Die Vorlage verfolgt zwei Ziele: Die Verkehrsinfrastruktur soll weiter ausgebaut werden; gleichzeitig müssen Projekte priorisiert werden, weil die verfügbaren Mittel eben nicht ausreichen, um alle Wünsche zu erfüllen. Im Bahnbereich sind unter anderem vorgesehen: eine Verbesserung der Verbindung Biel-Lausanne/Genf bis 2030, der Viertelstundentakt von Bern nach Zürich bis 2035, der Ausbau wichtiger Bahnhöfe wie Genf Cornavin und Basel SBB, der Zimmerberg-Basistunnel usw. Im Strassenbereich sollen im Ausbauschritt 2027 zwei Engpässe auf der Autobahn A1 beseitigt werden, nämlich Aarau Ost-Birrfeld sowie Perly-Bernex im Raum Genf. Ergänzend dazu werden die Agglomerationen mit rund 1,6 Milliarden Franken für Verkehrsprojekte unterstützt.

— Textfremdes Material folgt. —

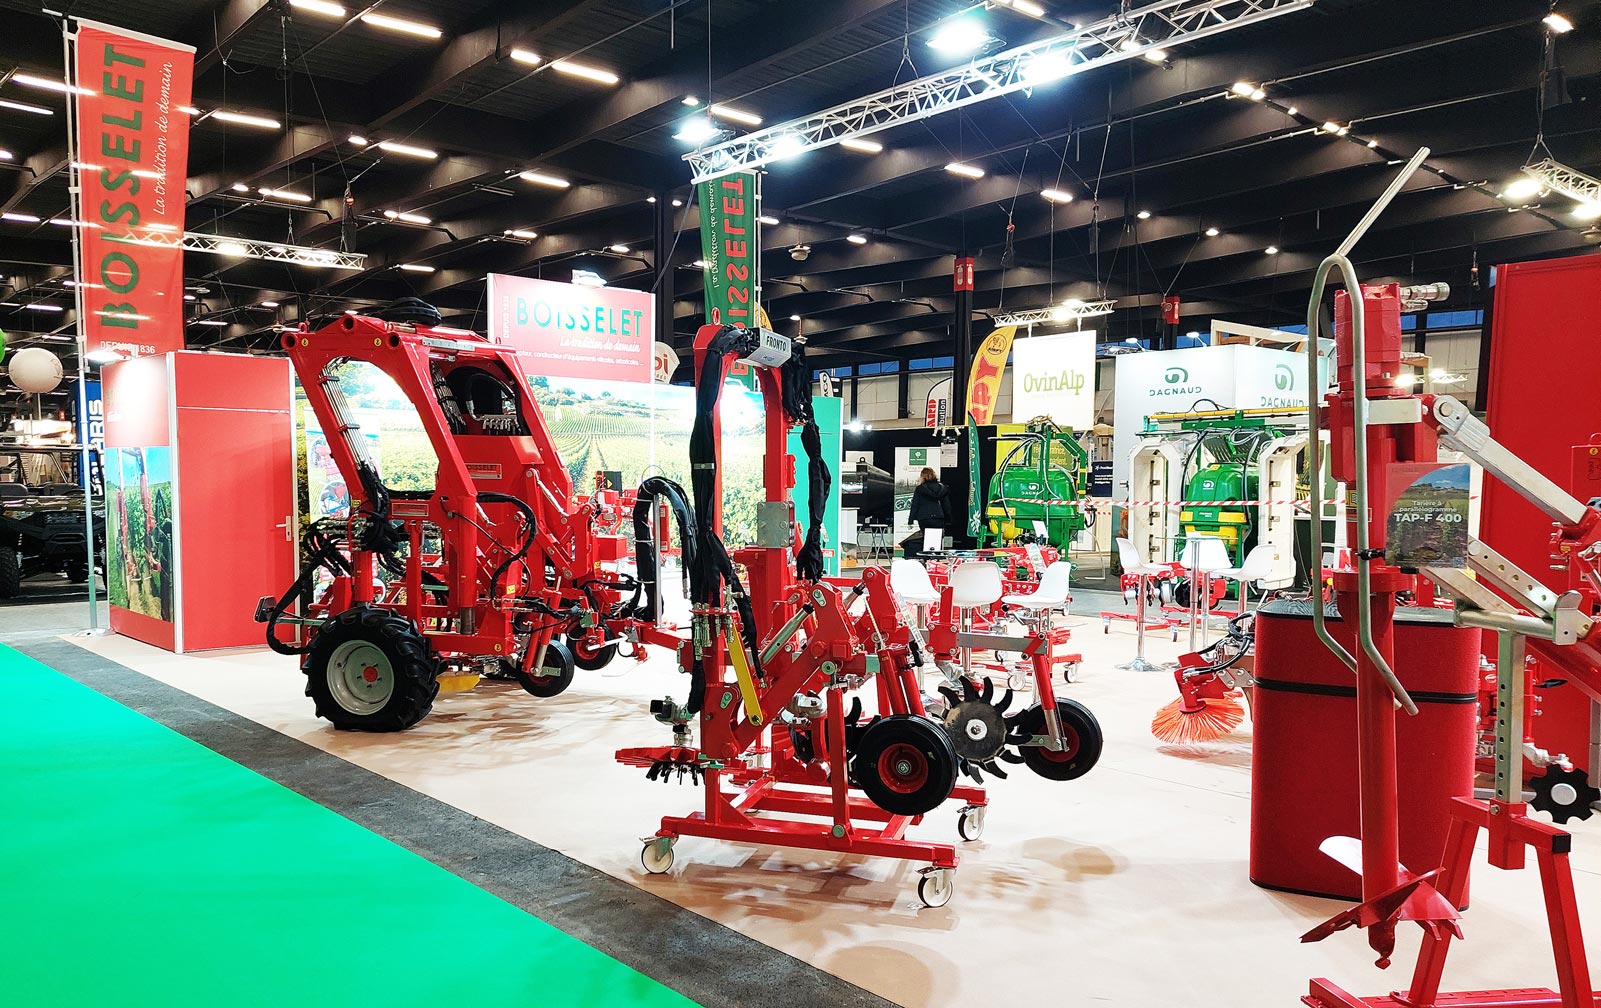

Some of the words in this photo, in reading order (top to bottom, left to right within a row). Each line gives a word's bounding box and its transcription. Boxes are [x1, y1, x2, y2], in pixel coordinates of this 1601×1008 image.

[158, 61, 173, 110] demain
[157, 113, 169, 132] de
[153, 136, 171, 195] tradition
[100, 44, 146, 329] BOISSELET
[153, 196, 165, 216] La
[516, 297, 643, 337] BOISSELET
[604, 337, 614, 351] de
[614, 338, 641, 352] demain
[766, 335, 787, 352] FRONTO
[1023, 369, 1085, 395] OvinAlp
[1149, 386, 1202, 397] DAGNAUD
[1260, 396, 1305, 409] DAGNAUD
[1394, 513, 1433, 523] TAP-F
[1435, 513, 1463, 523] 400
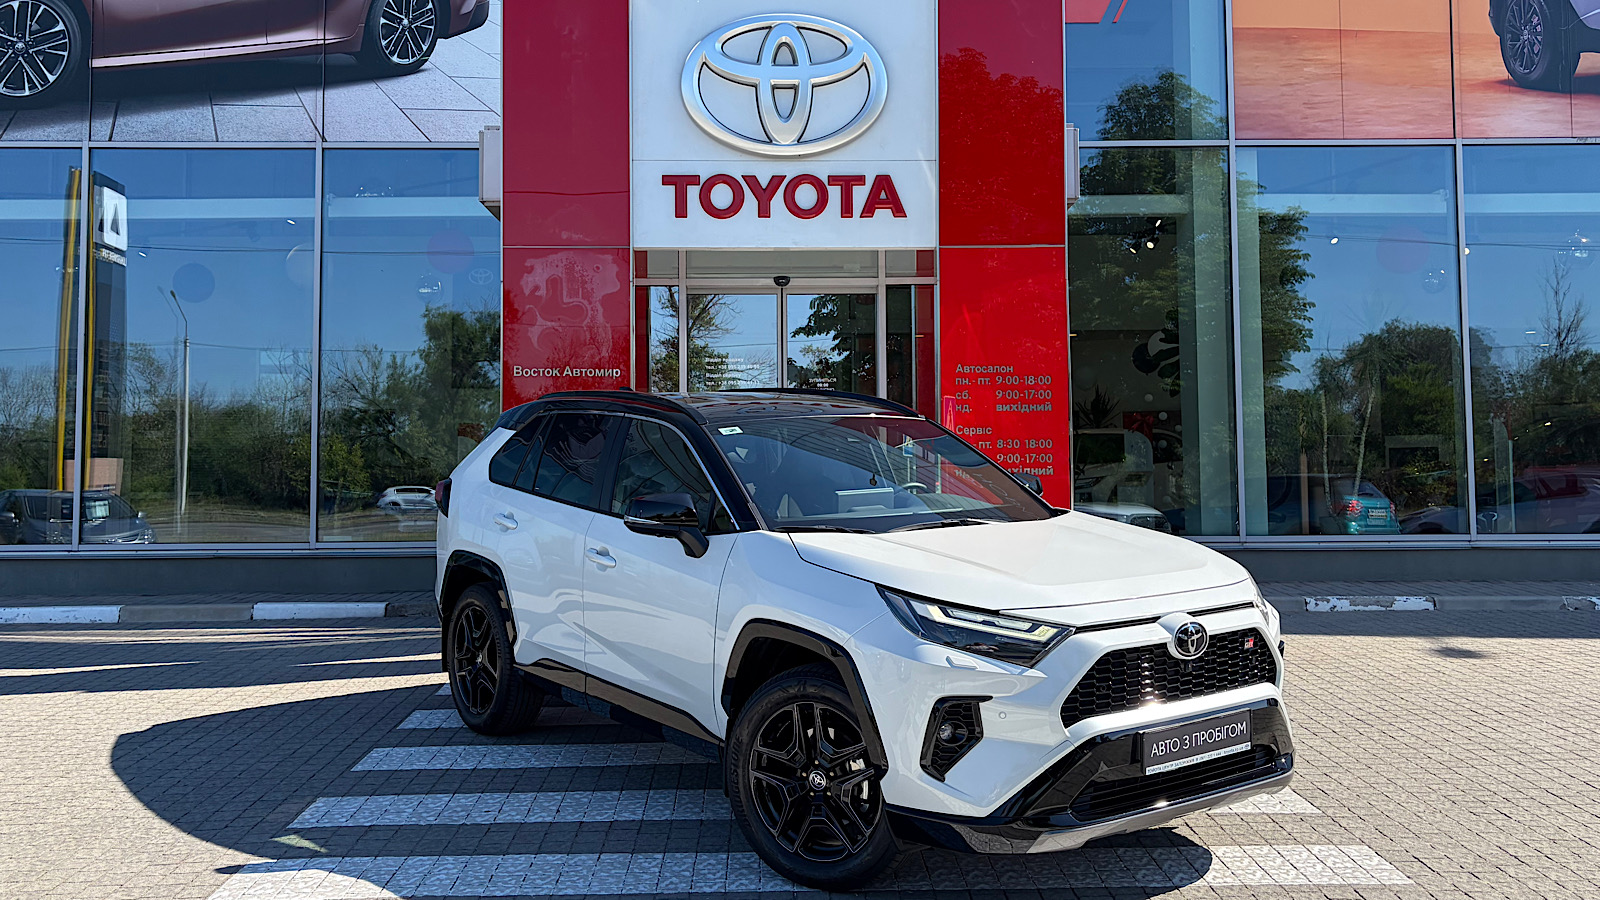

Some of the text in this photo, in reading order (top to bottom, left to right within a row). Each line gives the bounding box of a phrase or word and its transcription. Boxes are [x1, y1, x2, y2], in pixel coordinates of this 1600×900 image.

Zur Finanzierung: Die Projekte werden über den Bahninfrastrukturfonds und den Nationalstrassen- und Agglomerationsverkehrsfonds finanziert. Um die Finanzierung langfristig sicherzustellen, sollen bestehende Einnahmen verlängert und neue Regeln eingeführt werden, damit Kostenüberschreitungen vermieden werden. Betrieb und Unterhalt der Infrastruktur haben dabei immer Vorrang vor neuen Ausbauprojekten.
Verkehr '45 bedeutet also nicht nur Ausbau, sondern vor allem Priorisierung. Der Bundesrat setzt auf die wichtigsten und finanzierbaren Projekte, um die Verkehrsnetze von Bahn und Strasse sowie des Agglomerationsverkehrs langfristig leistungsfähig zu halten.